In our case X-ray soft tissue lateral showed a severe (80%) and long segment compression of trachea. Further evaluation was done to see exact size and site of the narrowing and maximum expandability of the tracheal lumen.
Before the availability of CT scan, Flow volume loop was used widely to diagnose the upper airway obstruction and even neural networks8 has been described based on it. 100%Sensitivity and 78% specificity6 has been reported for the flow volume loop in diagnosing the airway obstruction. In this case PFT showed variable extrathoracic airflow limitation, which was due to collapse of extrathoracic trachea during inspiration.
CT scan revealed compression of trachea from C6 to D2segment with narrowest part at D2 measuring 4mm, which gives an impression that the trachea cannot be intubated. As patient gave history of relief in symptoms in prone and lateral positions, CT was taken in prone and lateral positions which showed change in the tracheal diameter. Based on this findings, we had two choices of endotracheal tubes, one was 5.5mm portex tube (external dia.7.6mm) and 28F reinforced tube (external dia.8.9mm).

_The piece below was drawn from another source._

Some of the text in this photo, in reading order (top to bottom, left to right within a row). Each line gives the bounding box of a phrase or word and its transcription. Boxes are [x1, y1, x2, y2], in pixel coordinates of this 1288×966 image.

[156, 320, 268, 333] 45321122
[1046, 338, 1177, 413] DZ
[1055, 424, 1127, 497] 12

Induction of anaesthesia before securing the airway was ruled out based on the principle of “Burning no bridges”. In this particular case, induction could be a catastrophe as narrowest part was at D2 level and surgical airway management was also not possible. As our fiberscope external diameter was 3.7mm, prolonged or repeated fiberscopy can produce symptoms of airway obstruction and mucosal injury. To minimize this we planned to use a flexible tip guide wire and Cook’s tube exchanger, if there was failure with reinforced tube. Intubation was done leisurely over the tube exchanger with continuous oxygenation supply. As predicted during the procedure patient developed dyspnoea and stridor which was of very short duration (30 seconds) and did not produce any adverse sequel.
Long standing thyroid swelling with severe tracheal compression (fig.4a) alerted us to have high degree of suspicion for tracheomalacia. But the leak around the endotracheal tube after the gland removal and check fiberscopy showing intact (fig.4b) and prompt recoiling tracheal rings (figs.4c & 4d) reassured safe extubation.